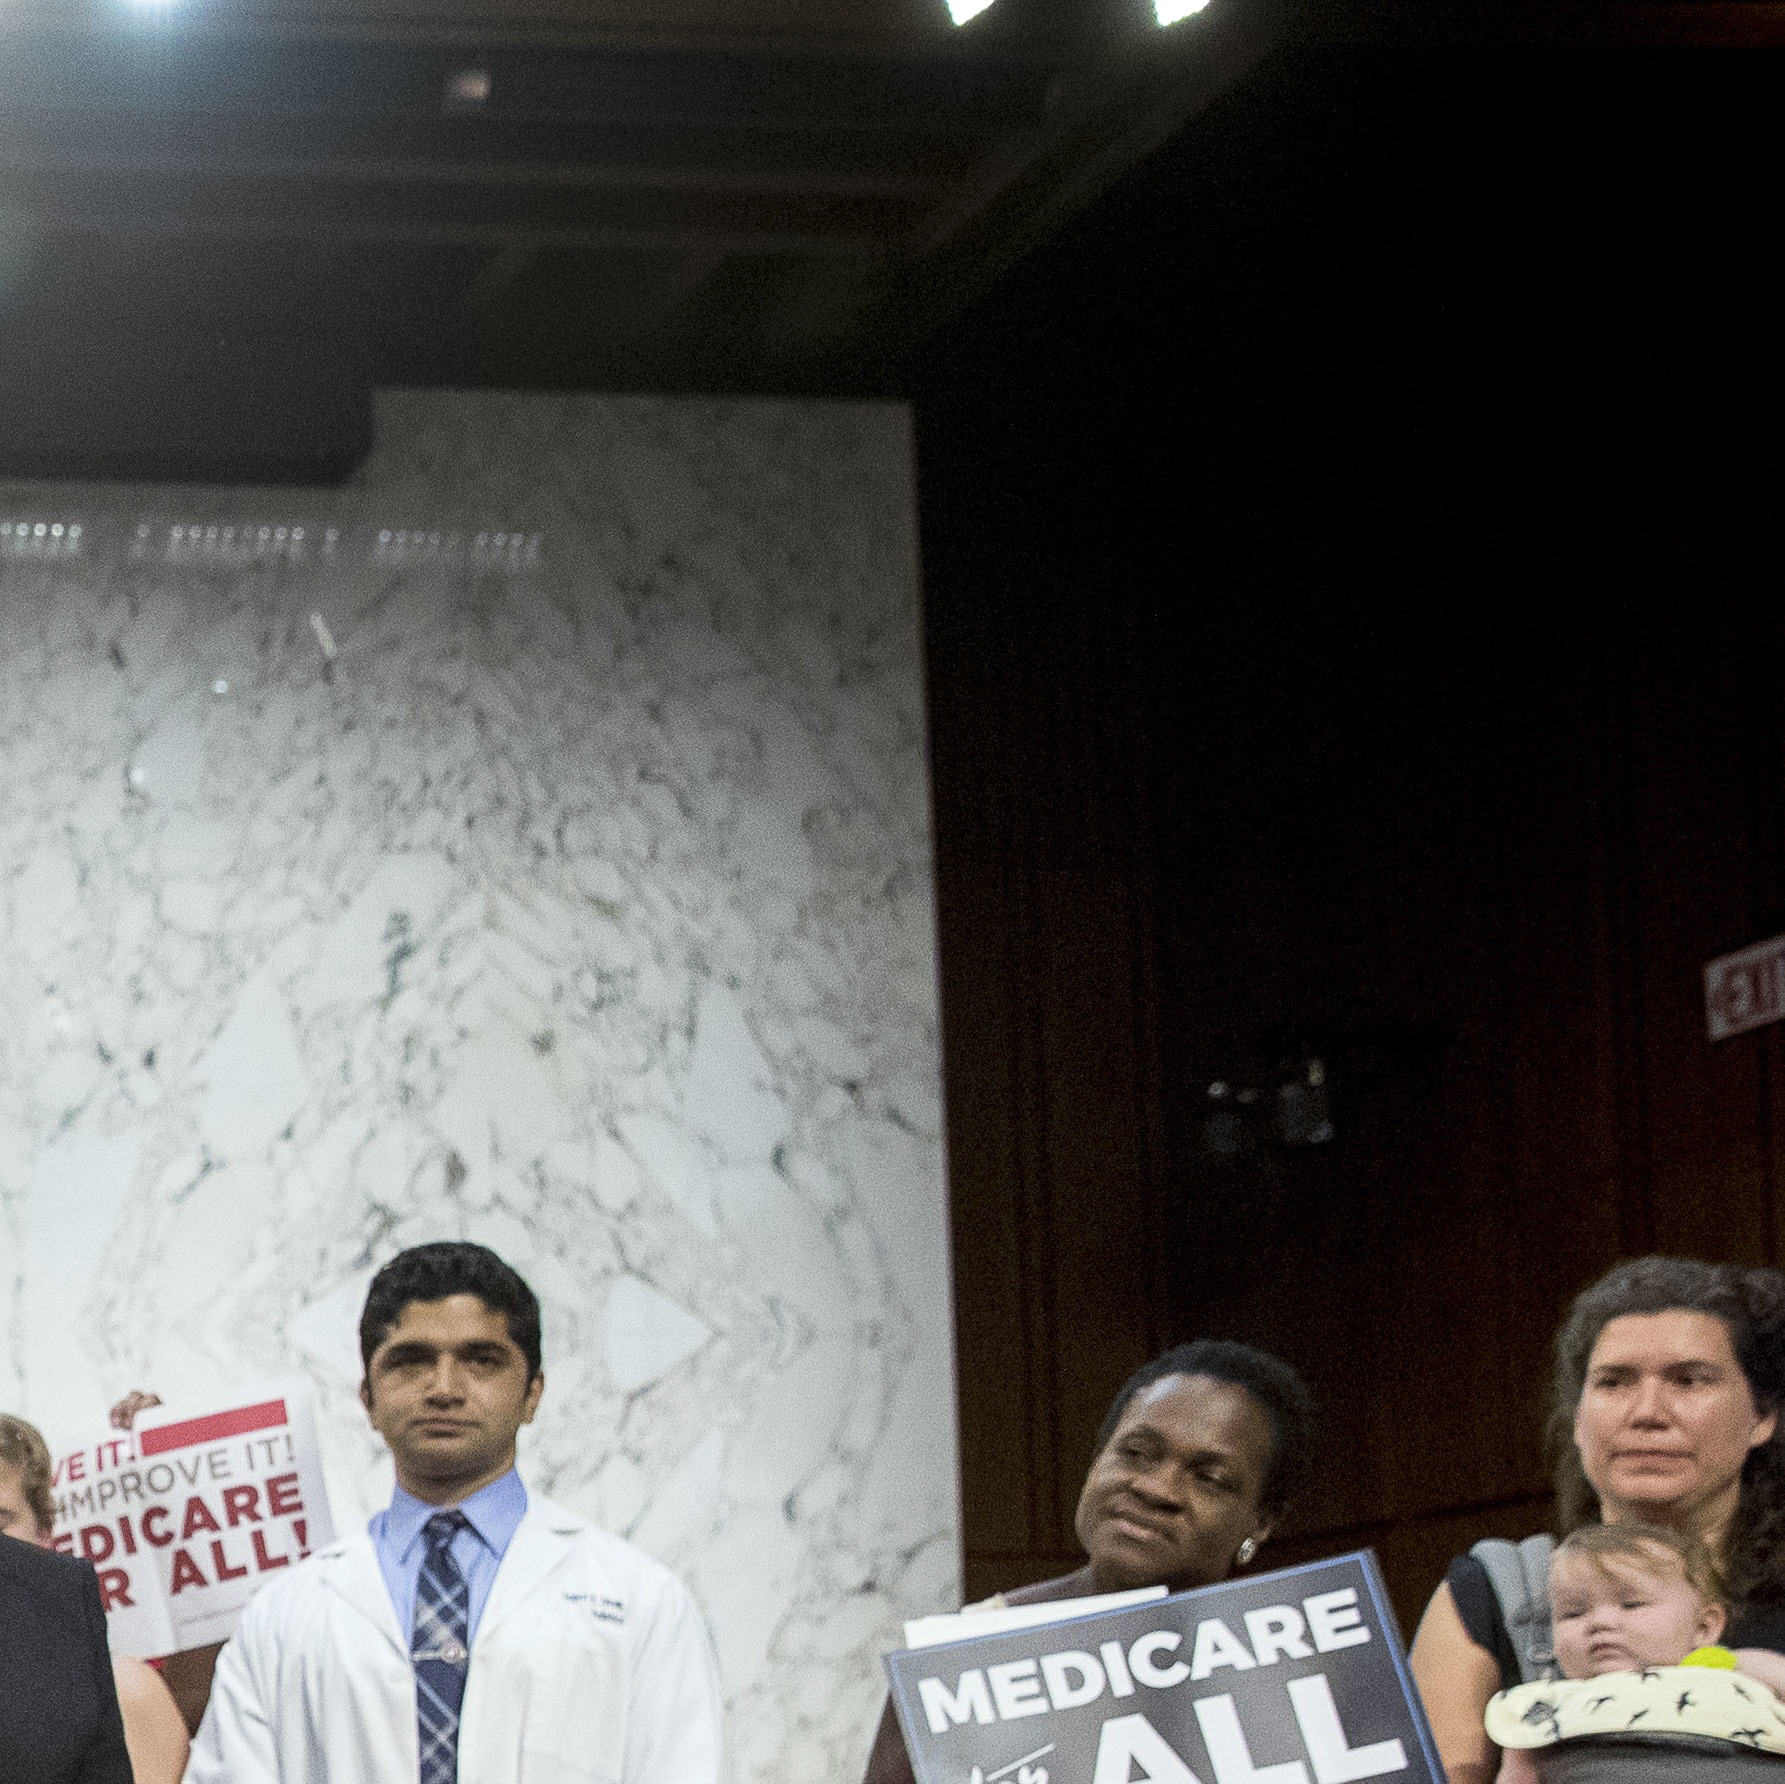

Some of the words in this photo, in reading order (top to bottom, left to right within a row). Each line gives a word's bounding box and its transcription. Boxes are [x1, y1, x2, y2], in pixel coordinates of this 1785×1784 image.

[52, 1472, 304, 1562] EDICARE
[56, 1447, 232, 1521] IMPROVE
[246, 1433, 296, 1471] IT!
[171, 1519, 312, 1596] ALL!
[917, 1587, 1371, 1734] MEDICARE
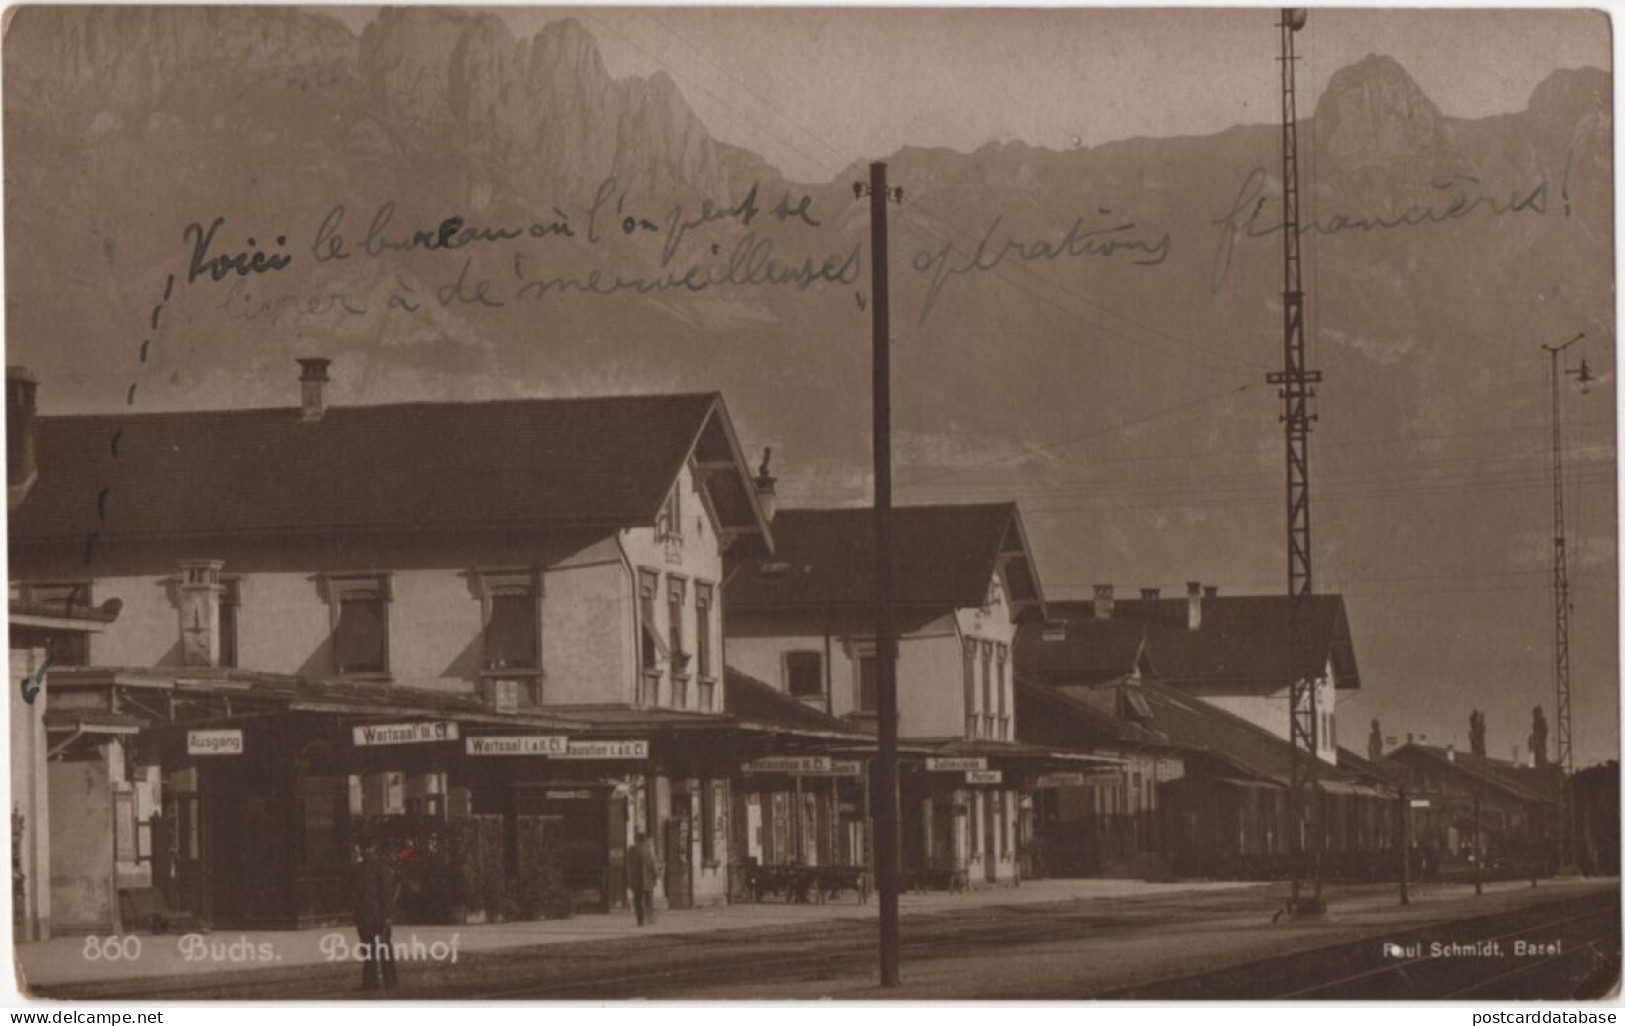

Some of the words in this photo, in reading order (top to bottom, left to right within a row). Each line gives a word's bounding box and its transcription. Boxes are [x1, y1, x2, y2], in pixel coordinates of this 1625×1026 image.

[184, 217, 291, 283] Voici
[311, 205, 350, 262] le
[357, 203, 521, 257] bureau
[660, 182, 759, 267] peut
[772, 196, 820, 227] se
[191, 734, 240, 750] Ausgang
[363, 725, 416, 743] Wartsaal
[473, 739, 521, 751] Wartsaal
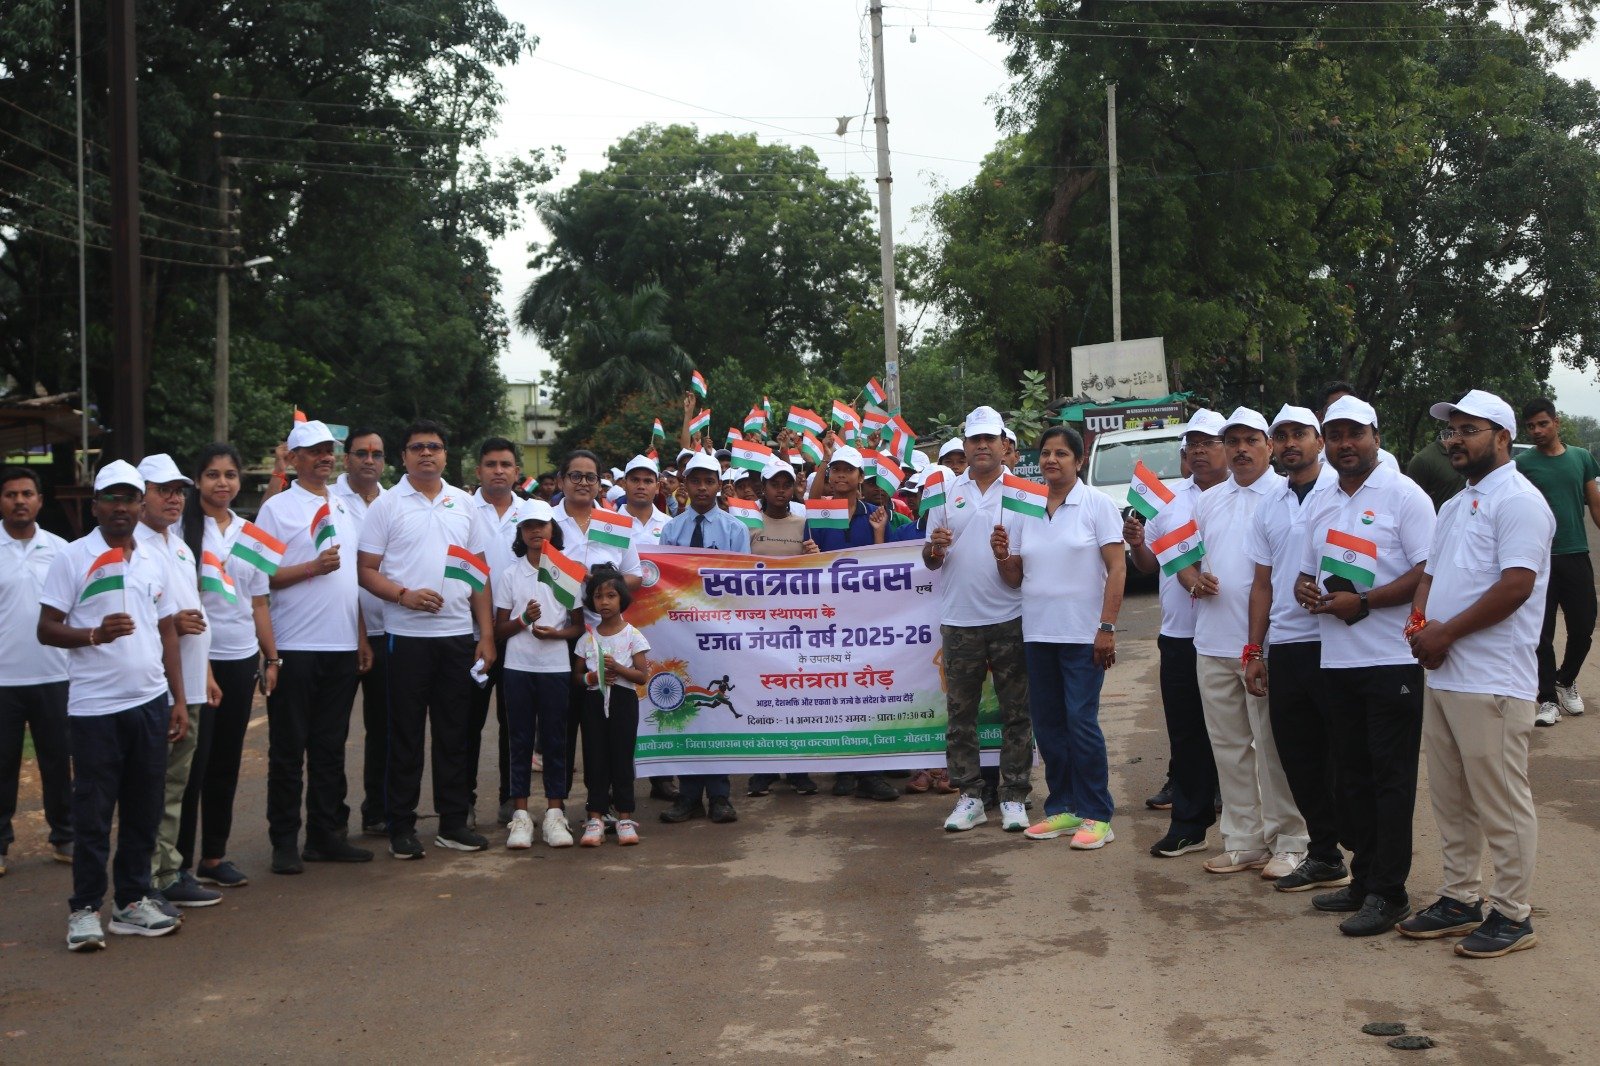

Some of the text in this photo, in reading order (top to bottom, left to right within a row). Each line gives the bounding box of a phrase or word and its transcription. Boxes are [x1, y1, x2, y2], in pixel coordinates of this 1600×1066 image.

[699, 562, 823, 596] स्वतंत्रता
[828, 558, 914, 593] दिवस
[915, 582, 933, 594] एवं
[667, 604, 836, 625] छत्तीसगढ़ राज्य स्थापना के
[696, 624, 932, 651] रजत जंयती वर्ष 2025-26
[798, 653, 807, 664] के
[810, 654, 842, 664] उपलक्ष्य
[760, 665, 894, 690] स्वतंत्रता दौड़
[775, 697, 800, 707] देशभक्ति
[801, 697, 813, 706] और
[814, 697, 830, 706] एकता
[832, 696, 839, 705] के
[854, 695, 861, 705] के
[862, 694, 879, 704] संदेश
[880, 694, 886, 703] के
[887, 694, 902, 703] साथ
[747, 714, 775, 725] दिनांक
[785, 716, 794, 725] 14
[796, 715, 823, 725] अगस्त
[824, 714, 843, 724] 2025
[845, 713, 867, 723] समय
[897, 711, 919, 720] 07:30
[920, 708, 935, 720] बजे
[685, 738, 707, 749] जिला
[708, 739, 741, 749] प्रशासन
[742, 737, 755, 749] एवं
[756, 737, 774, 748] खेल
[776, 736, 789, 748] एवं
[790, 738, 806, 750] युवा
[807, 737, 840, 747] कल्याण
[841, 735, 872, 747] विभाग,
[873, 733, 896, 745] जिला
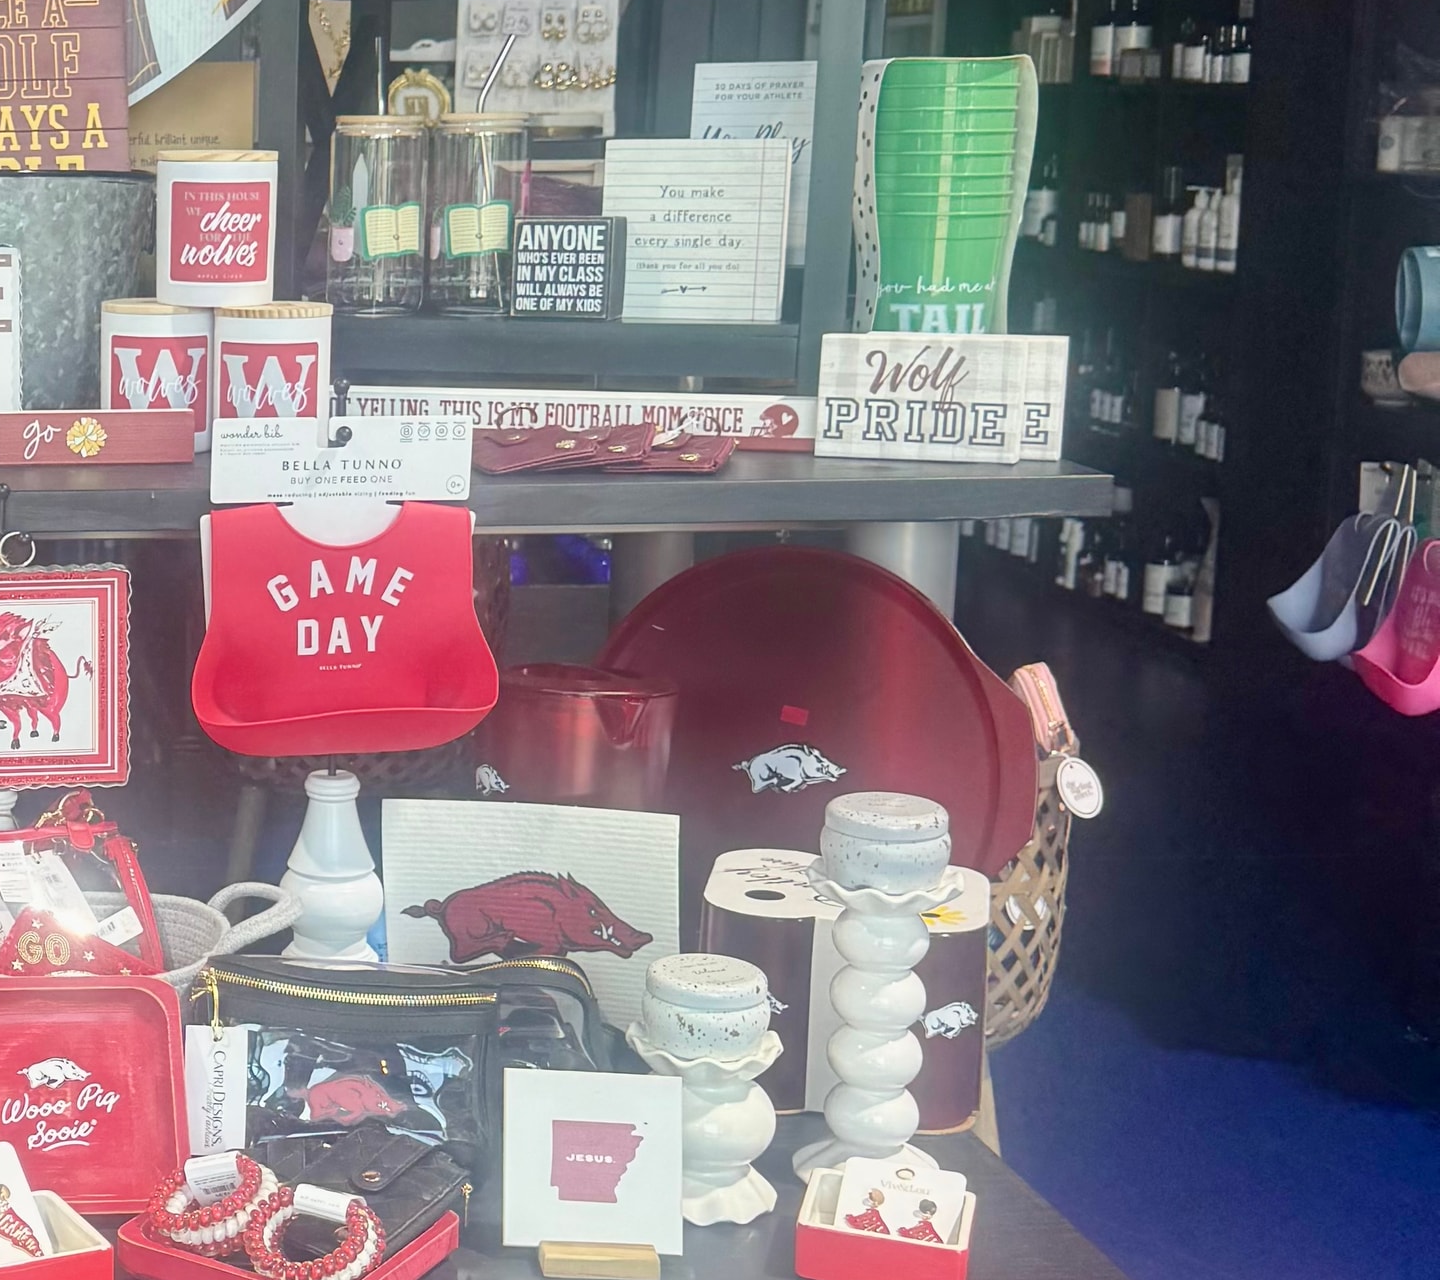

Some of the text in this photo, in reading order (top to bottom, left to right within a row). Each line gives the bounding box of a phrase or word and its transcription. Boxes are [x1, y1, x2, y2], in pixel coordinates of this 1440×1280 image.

....

_WHAT IS EXPECTED_
Print the material above once more, exactly. No pictures belong in it.

_TASK SOLUTION_
Some of the words in this photo, in reading order (top to bottom, left to right within a row). Each line gives a word's bounding box and its transcription. Boxes are [x1, y1, x2, y2], in pixel coordinates of this 1785×1784 image.

[52, 1472, 304, 1562] EDICARE
[56, 1447, 232, 1521] IMPROVE
[246, 1433, 296, 1471] IT!
[171, 1519, 312, 1596] ALL!
[917, 1587, 1371, 1734] MEDICARE

Some of the words in this photo, in reading order (top to bottom, left to right within a row). Each line gives a word's bounding box and its transcription. Boxes are [x1, y1, x2, y2], in pixel coordinates of this 1625×1026 image.

[184, 217, 291, 283] Voici
[311, 205, 350, 262] le
[357, 203, 521, 257] bureau
[660, 182, 759, 267] peut
[772, 196, 820, 227] se
[191, 734, 240, 750] Ausgang
[363, 725, 416, 743] Wartsaal
[473, 739, 521, 751] Wartsaal

Some of the text in this photo, in reading order (top to bottom, left to right within a row). Each line gives the bounding box of a phrase or word and its transcription. Boxes are [x1, y1, x2, y2], in pixel coordinates of this 1600×1066 image.

[699, 562, 823, 596] स्वतंत्रता
[828, 558, 914, 593] दिवस
[915, 582, 933, 594] एवं
[667, 604, 836, 625] छत्तीसगढ़ राज्य स्थापना के
[696, 624, 932, 651] रजत जंयती वर्ष 2025-26
[798, 653, 807, 664] के
[810, 654, 842, 664] उपलक्ष्य
[760, 665, 894, 690] स्वतंत्रता दौड़
[775, 697, 800, 707] देशभक्ति
[801, 697, 813, 706] और
[814, 697, 830, 706] एकता
[832, 696, 839, 705] के
[854, 695, 861, 705] के
[862, 694, 879, 704] संदेश
[880, 694, 886, 703] के
[887, 694, 902, 703] साथ
[747, 714, 775, 725] दिनांक
[785, 716, 794, 725] 14
[796, 715, 823, 725] अगस्त
[824, 714, 843, 724] 2025
[845, 713, 867, 723] समय
[897, 711, 919, 720] 07:30
[920, 708, 935, 720] बजे
[685, 738, 707, 749] जिला
[708, 739, 741, 749] प्रशासन
[742, 737, 755, 749] एवं
[756, 737, 774, 748] खेल
[776, 736, 789, 748] एवं
[790, 738, 806, 750] युवा
[807, 737, 840, 747] कल्याण
[841, 735, 872, 747] विभाग,
[873, 733, 896, 745] जिला

Some of the text in this photo, in reading order (top to bottom, left to right within a row). Each line gives the bounding box of a phrase or word and its transcription. Boxes are [x1, y1, x2, y2], in pixel coordinates of this 1440×1280 image.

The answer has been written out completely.